February 26, 2007 theology personal

Someone contacted me with some questions about Bayesian document clustering; with that inspiration and a free afternoon a few weeks ago, I took a Hebrew bible and built a matrix where equals the frequency of the -th (Hebrew!) word in the -th chapter of Genesis. I calculated its singular value decomposition (supposedly this is “latent semantic analysis”), and then took some dot products (calculating the “correlation” of chapters)…
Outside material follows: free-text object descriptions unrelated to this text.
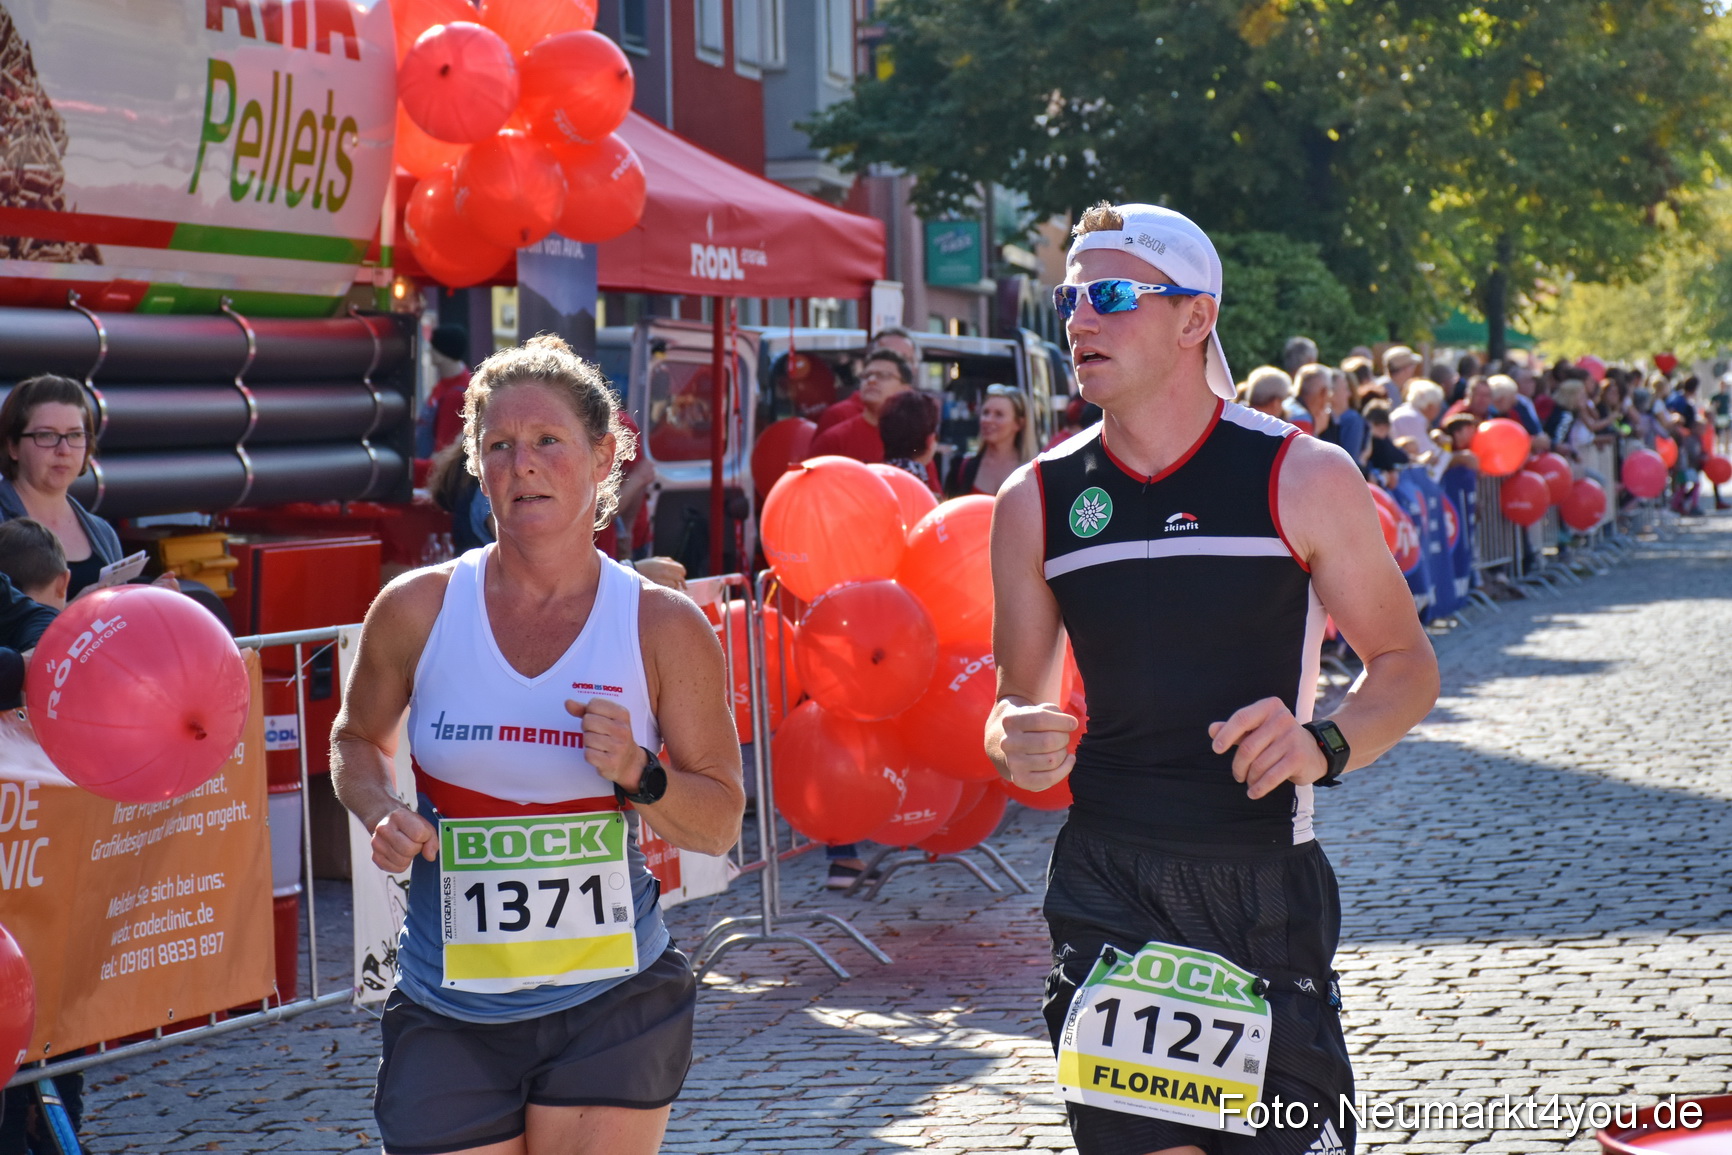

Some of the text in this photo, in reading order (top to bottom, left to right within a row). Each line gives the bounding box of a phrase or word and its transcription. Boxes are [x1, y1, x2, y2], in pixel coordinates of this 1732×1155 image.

[187, 57, 359, 214] Pellets
[1164, 522, 1199, 532] skinfit
[80, 621, 127, 663] energie
[46, 615, 122, 720] RÖDL
[948, 653, 995, 692] RÖD
[430, 711, 584, 749] team memm
[91, 800, 251, 861] Grafikdesign und Werbung angeht.
[112, 801, 137, 825] Ihrer
[455, 822, 606, 862] BOCK
[106, 872, 225, 919] Melden Sie sich bei uns:
[464, 875, 605, 933] 1371
[111, 902, 214, 946] web: codeclinic.de
[100, 931, 224, 980] tel: 09181 8833 897
[1095, 997, 1245, 1068] 1127
[1251, 1028, 1260, 1039] A
[1092, 1065, 1223, 1107] FLORIAN
Anyhow, the result was astounding! The following table gives, for each chapter, a list of those chapters for which the given chapter is the chapter most highly correlated with it. Ah, that’s confusing; as an example to clarify this, the chapter most similar to chapters six, seven, eight, and nine is chapter one. With that, here’s the data:

Chapter 1:	2, 6-9
Chapter 5:	11
Chapter 7:	1
Chapter 10:	12-15, 34, 36, 46, 49
Chapter 11:	5
Chapter 15:	16
Chapter 21:	3, 22
Chapter 22:	4, 17-33, 35, 38, 44
Chapter 36:	10
Chapter 37:	43
Chapter 40:	41, 45, 47, 50
Chapter 41:	39
Chapter 45:	37, 42, 48
Chapter 50:	40

The shocking thing is that for 21 chapters of Genesis–for nearly half the book–the most highly correlated chapter is chapter 22–the binding of Isaac. In my mind, that story is the most powerful in Genesis, central to the message, and so it is especially remarkable that this crazy game with matrices also “detected” that most of Genesis clusters around that story.